Steve Pettit, evangelistic team. But are you thinking, I can't really understand that. That really doesn't answer it for me. How can God be both great and good, and He still allows evil? Well, the Bible's question is not, can you explain that? The Bible's question for you is, can you believe it? Listen to Hebrews 11.1. Faith is the evidence of things not seen. We can't see. We don't understand all of God's plans and purposes.

But the Bible asserts that God is great, and God is good, and the Bible calls us to have the faith to believe it. That's actually what Job said. Job 13.15, though he slay me, yet will I trust him. Job said, I don't care how bad this gets.

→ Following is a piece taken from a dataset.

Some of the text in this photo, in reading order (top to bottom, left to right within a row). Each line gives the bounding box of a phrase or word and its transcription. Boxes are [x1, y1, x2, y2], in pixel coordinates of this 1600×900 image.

I don't care how hard this is to understand. The bottom line is, I am going to trust God. So go back to Hebrews 11. That's the faith chapter. And look later in the chapter at verse 33. We have the stories of people who subdued kingdoms, who wrought righteousness, who obtained promises, who stopped the mouths of lions. There's God is great. God is good for you. Stop the mouths of lions to spare Daniel's life.

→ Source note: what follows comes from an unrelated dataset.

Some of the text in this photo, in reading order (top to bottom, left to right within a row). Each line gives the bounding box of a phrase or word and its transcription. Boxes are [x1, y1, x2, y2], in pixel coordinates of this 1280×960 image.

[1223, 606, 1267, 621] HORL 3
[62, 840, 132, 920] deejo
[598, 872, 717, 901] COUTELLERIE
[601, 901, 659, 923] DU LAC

But keep reading. And verse 35 takes your breath away. Because there were women who received their dead, raised to life again, but there were others, there were others who were tortured, not accepting deliverance. Others had trials of mockings and scourgings, bonds and imprisonment. Where was God for them?

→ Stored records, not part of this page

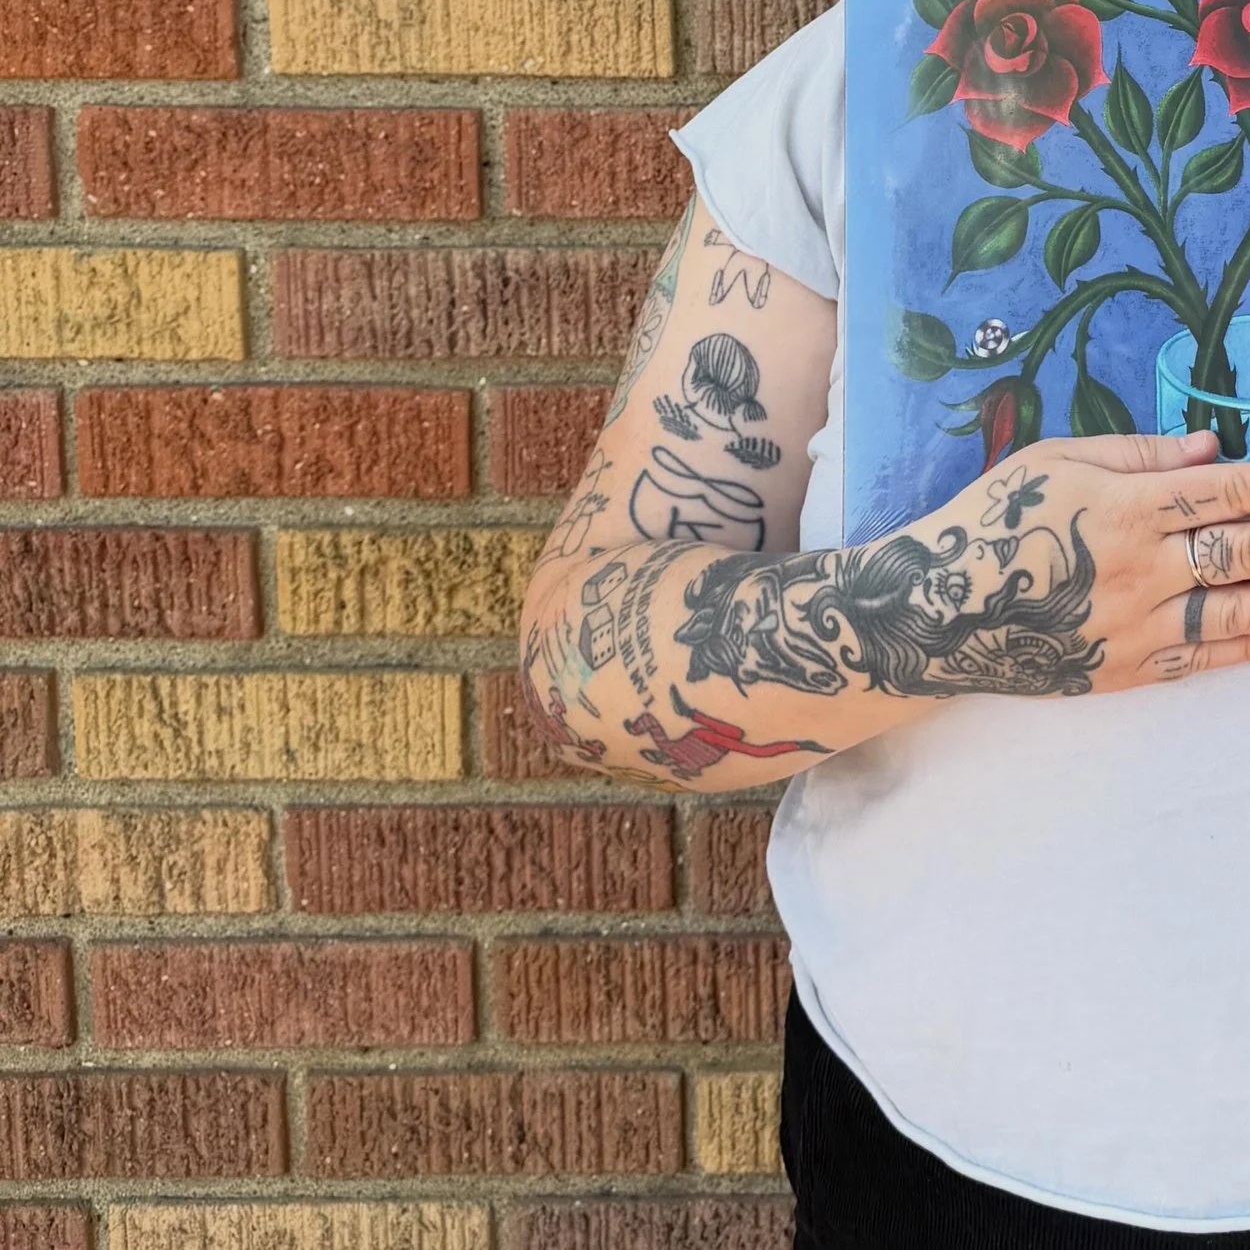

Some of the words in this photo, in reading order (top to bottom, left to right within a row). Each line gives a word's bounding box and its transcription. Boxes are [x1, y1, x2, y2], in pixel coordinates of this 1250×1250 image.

[617, 582, 641, 636] TRICK
[635, 589, 653, 617] ON
[618, 631, 636, 670] THE
[635, 616, 658, 677] PLAYED
[630, 667, 648, 695] AM

Where's the good in that? To me, it's no surprise that the faith chapter ends that way, because that's the reality of life. If God delivered every Christian in every immediate problem of life, we always got miraculous deliverance, the Christian life wouldn't take any faith at all.

It's precisely when life goes wrong, it's when life doesn't make sense, that you get a chance to show that you have faith. And look at verse 39. These all, the ones delivered and the martyrs, they received not the promise. They were not fixated on this life anyway. Look at verse 13. These all died in faith, not having received the promises. The promise was never about a good life to begin with. The promise is about the next life. Some things are never going to make sense until we get to heaven. But think with me about those first three words. These all died.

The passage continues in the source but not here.